A morte é a desestabilização de tudo o que nos é precioso. É o caos total e completo. Na morte perdemos tudo o que somos e temos. Nem nós nos podemos ajudar, nem as pessoas que nos amam podem fazer alguma coisa por nós por ocasião da morte. Tão profunda e radical é a morte. Entramos num túnel e somos arrastados por uma força indomável. É o pior que pode acontecer. A morte é o fim. depois da morte, o silêncio se segue. Silenciam os palpiteiros, os de opiniões fáceis, que tentam esconder o problema, silenciam os médicos. Na morte, um grande e profundo silêncio se prolonga.
Querer fugir da radicalidade da morte significa banalizar a mensagem cristã que anuncia a vitória sobre a morte. Mais radical do que a morte é a ação de Deus. Deus, em Jesus Cristo, veio do mundo metafísico, diretamente, sem intermediário nenhum, e agiu. Não ficou indiferente, nem naturalizou ou banalizou qualquer questão humana, incluindo a sua maior preocupação: a morte.
A palavra se torna carne. É a incisão da palavra viva, que veio do mundo metafísico para o mundo físico, na história humana, pois “a vida estava nele (no verbo) e a vida era a luz dos homens” (Jo 1.4). E a palavra diz: “Eu sou a ressurreição e a vida. quem crê em mim, ainda que morra, viverá” (Jo 11.25). Por isso, o apóstolo pode escrever: “Tragada foi a morte pela vitória… graças a Deus, que nos dá a vitória por intermédio de nosso Senhor Jesus Cristo” (1Co 15.54b, 57).

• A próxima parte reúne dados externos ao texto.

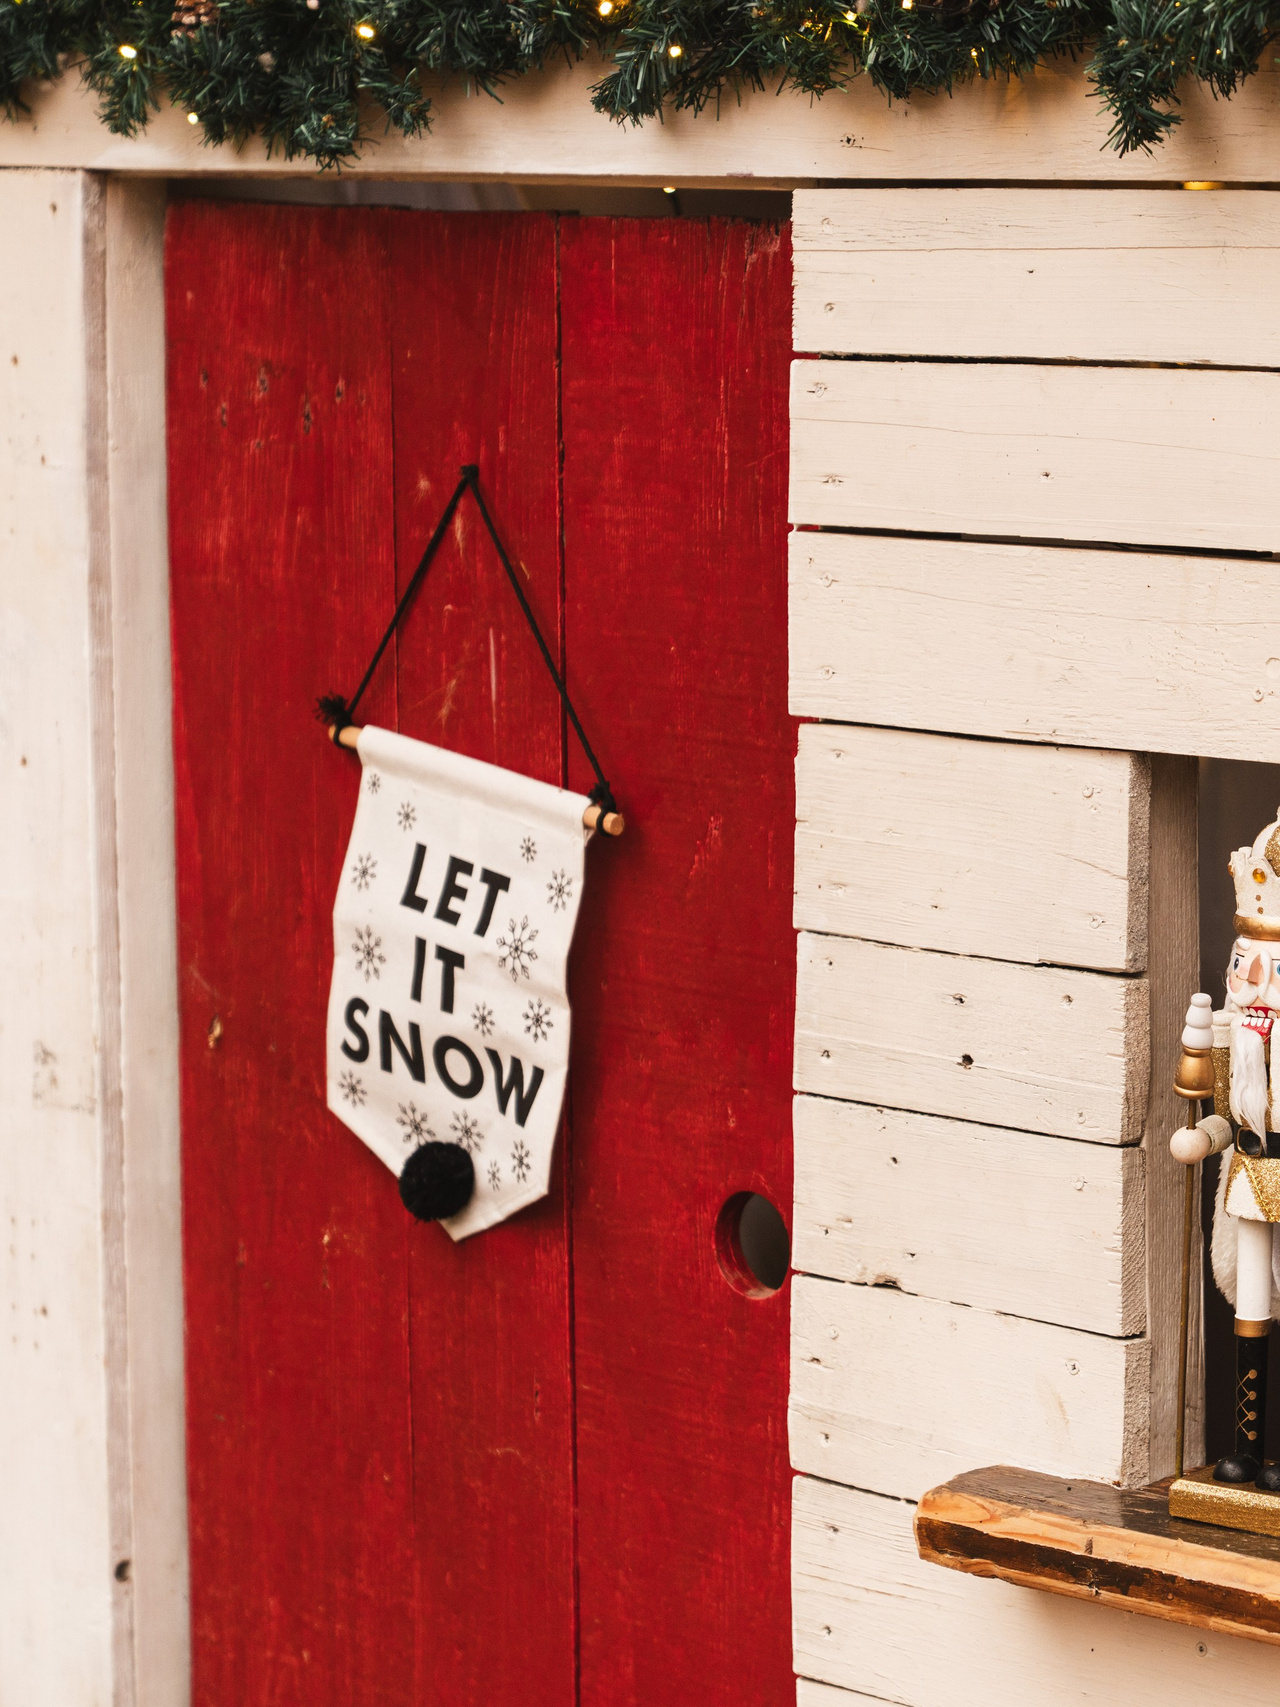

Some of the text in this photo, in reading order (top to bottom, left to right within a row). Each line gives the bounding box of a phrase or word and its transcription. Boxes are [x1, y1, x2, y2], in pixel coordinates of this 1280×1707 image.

[400, 842, 511, 938] LET
[410, 936, 465, 1014] IT
[341, 996, 545, 1128] SNOW

Depois de perceber a ação reconciliadora e salvadora de Deus, a vida não é mais a mesma. Tudo mudou. Mudou a maneira de entender a morte. Ela não tem mais aquele poder arrasador. O grito de desespero diante da morte virou grito de esperança, pois “agora estou aqui sendo julgado por causa da esperança da promessa que por Deus foi feita a nossos pais… por que se julga incrível entre vós que Deus ressuscite os mortos?” (At 26.6, 8). A afirmação de estevão é contundente: “Eis que vejo os céus abertos e o Filho do homem, em pé à direita de Deus” (At 7.56). Jesus foi ressuscitado por Deus. E a esperança é a nossa ressurreição. Portanto, a morte perdeu o seu poder. Jesus a colocou debaixo dos seus pés e a enterrou no abismo. Temos vida agora e depois também. Jesus nos salvou do horror da morte. Livres por ele, podemos amar e servi-lo nas pessoas necessitadas.
Bibliografia
Baeske, Albérico. Quem são os evangélicos luteranos? In: Ingo Wulfhorst, ed. Grupo de Trabalho sobre Movimentos Religiosos; Informação e posicionamento; Fascículo n° 10. São Leopoldo: Faculdade de Teologia – IECLB, 1994. (cópia xerocada).
Grübber, George E. Edmundo. João 5.24-29. Proclamar Libertação. São Seopoldo: Editora Sinodal, Vol. XVIII. p. 267-271, 1992.
Lutero, Martinho. Pelo Evangelho de Cristo: Prefácio ao Novo Testamento. São Leopoldo e Porto Alegre: Editora Sinodal e Concórdia Editora. p. 171-177, 1984.
Wolf, Günter Adolf. João 5.24-29. Proclamar Libertação. São Leopoldo: Editora Sinodal e EST, vol. 29. p. 302-310, 2003.